Psychology is a key theme of the second half of the book. Its authors provide a thorough and broad examination of the effect various schools of psychology have had on workplace well-being management, highlighting the powerful nexus of ideas and institutions involved in shifting approaches to workplace health, including Cognitive Behaviour Therapy (CBT), the Improving Access to Psychological Therapies (IAPT) programme, positive and clinical psychology, and the institutions of the welfare state under austerity.
Frayne provides a fantastic introduction to Part Two by sketching out the ideological connections between work and health that make them functionally inextricable in public and political discourse. He goes on to critically review many of the studies which link unemployment to ill-health, challenging methodologies as well as many of the framings which lead to the formation of these studies.
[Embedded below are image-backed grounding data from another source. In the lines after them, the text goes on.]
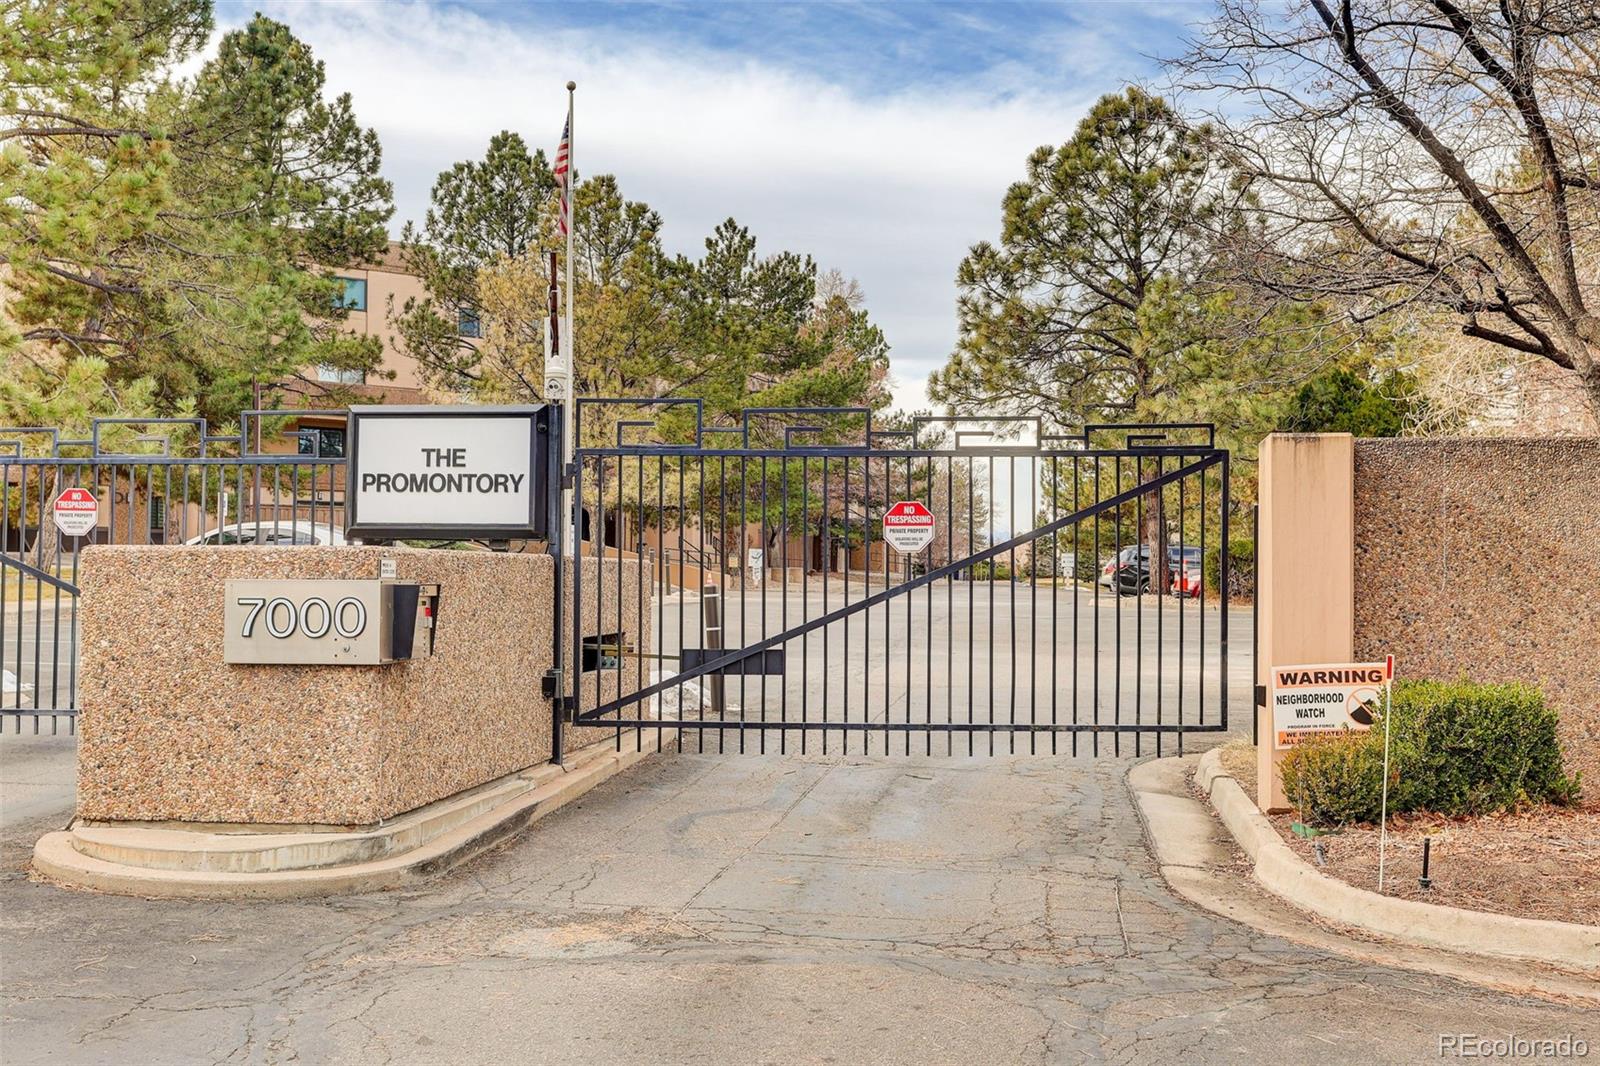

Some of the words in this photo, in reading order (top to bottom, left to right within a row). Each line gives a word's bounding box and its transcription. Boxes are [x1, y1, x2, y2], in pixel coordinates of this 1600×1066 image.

[421, 448, 466, 467] THE
[362, 473, 525, 493] PROMONTORY
[71, 492, 82, 500] NO
[904, 506, 915, 514] NO
[887, 515, 931, 523] TRESPASSING
[237, 596, 367, 639] 7000
[1280, 670, 1382, 686] WARNING
[1276, 693, 1344, 705] NEIGHBORHOOD
[1295, 708, 1326, 718] WATCH
Most importantly, he questions explicitly the extent to which work is good for our health and well-being, and our ability to identify the damaging aspects of alienated labour. The following three chapters, authored by Jay Watts, Paul Atkinson, and Psychologists for Social Change, all build on this theme. Each of these authors’ chapters challenge related aspects of the work-health nexus, and mount a sustained and convincing critique of the alliance between CBT and IAPT.
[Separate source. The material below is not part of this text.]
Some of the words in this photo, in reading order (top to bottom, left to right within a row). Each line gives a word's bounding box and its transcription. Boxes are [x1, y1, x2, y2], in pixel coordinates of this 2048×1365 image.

The penultimate contribution, from Arianna Introna and Mirella Casagrande, connects the radical possibilities of disability action cleverly to the traditions of autonomous Marxist organising. They expose the complicity of the welfare state in maintaining subjects able to work to arbitrary capitalist standards. They also explore the othering of disabled bodies and bodily subjectivities that is inherent to these systems, and imagine the potential of an approach to work and health which is inclusive of these different bodies. The final chapter, from the Recovery in the Bin Collective, details an attempt to bring back into the conversation the social and political causes of distress, and considers what it means to incorporate these into a model of living with mental illness that is not instrumentally focussed on the ability to return to work.
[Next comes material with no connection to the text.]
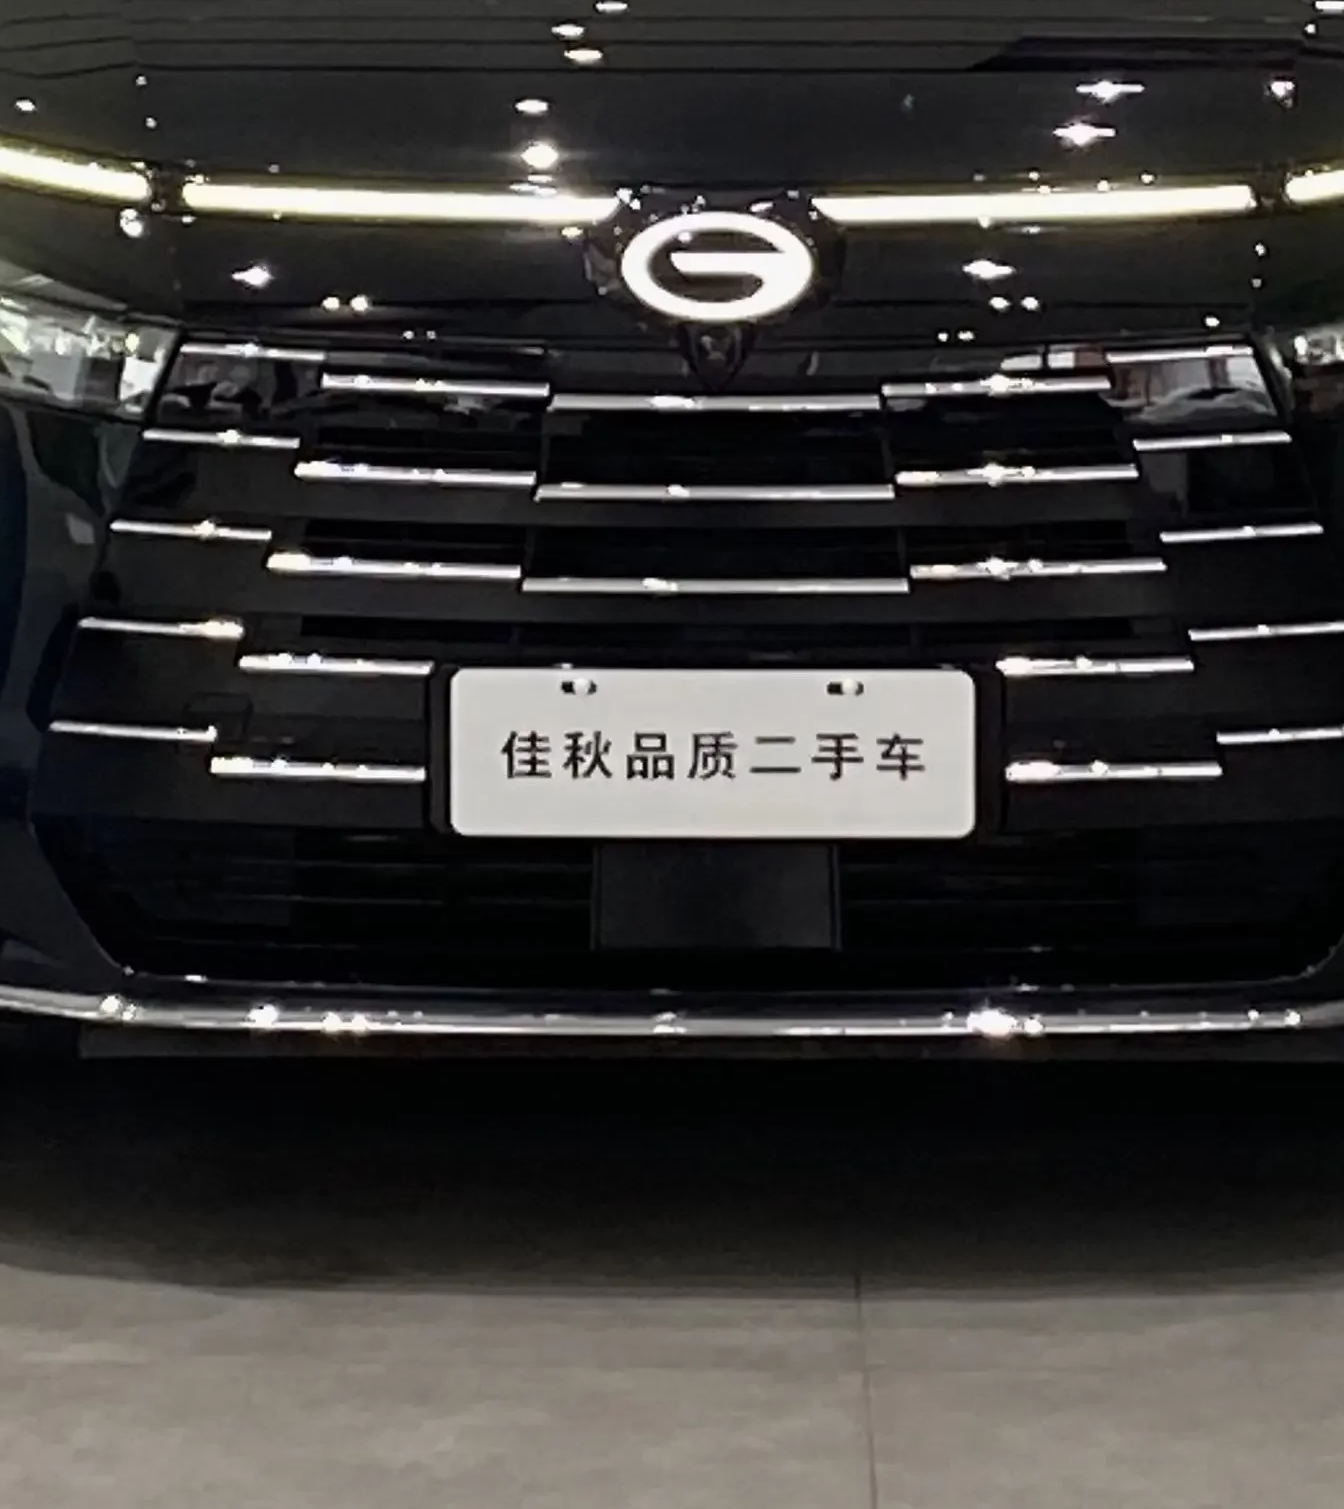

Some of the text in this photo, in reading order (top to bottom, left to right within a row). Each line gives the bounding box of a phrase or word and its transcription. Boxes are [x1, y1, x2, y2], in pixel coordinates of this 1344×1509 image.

[500, 729, 927, 782] 佳秋品质二手车
Whilst in many cases the chapters in this book complement each other well and provide focussed attention to a number of topics, there is a lack of attention to physical health and the connection between physical and mental health, perhaps due to the book’s publication by a psychology-focused publisher. Although unforeseeable at the time of the book’s writing, the coronavirus outbreak exaggerates this omission. Many need to risk their physical health and lives simply to stay employed in a capitalist economy. Many others are having to work from home, which means negotiating a different set of challenges to mental and physical health. These new challenges show the priorities of this book in a different light, and highlight the contributions of Arianna Introna and Mirella Casagrande. Their insights into the possibility of organising around a post-work future and the connections between disability activism and autonomous Marxism are highly valuable. They pose critical questions about whose bodies we value and how healthy bodies are often defined by their capacity to work to the demands of capital, the injustice of which is even more apparent in this time of disease.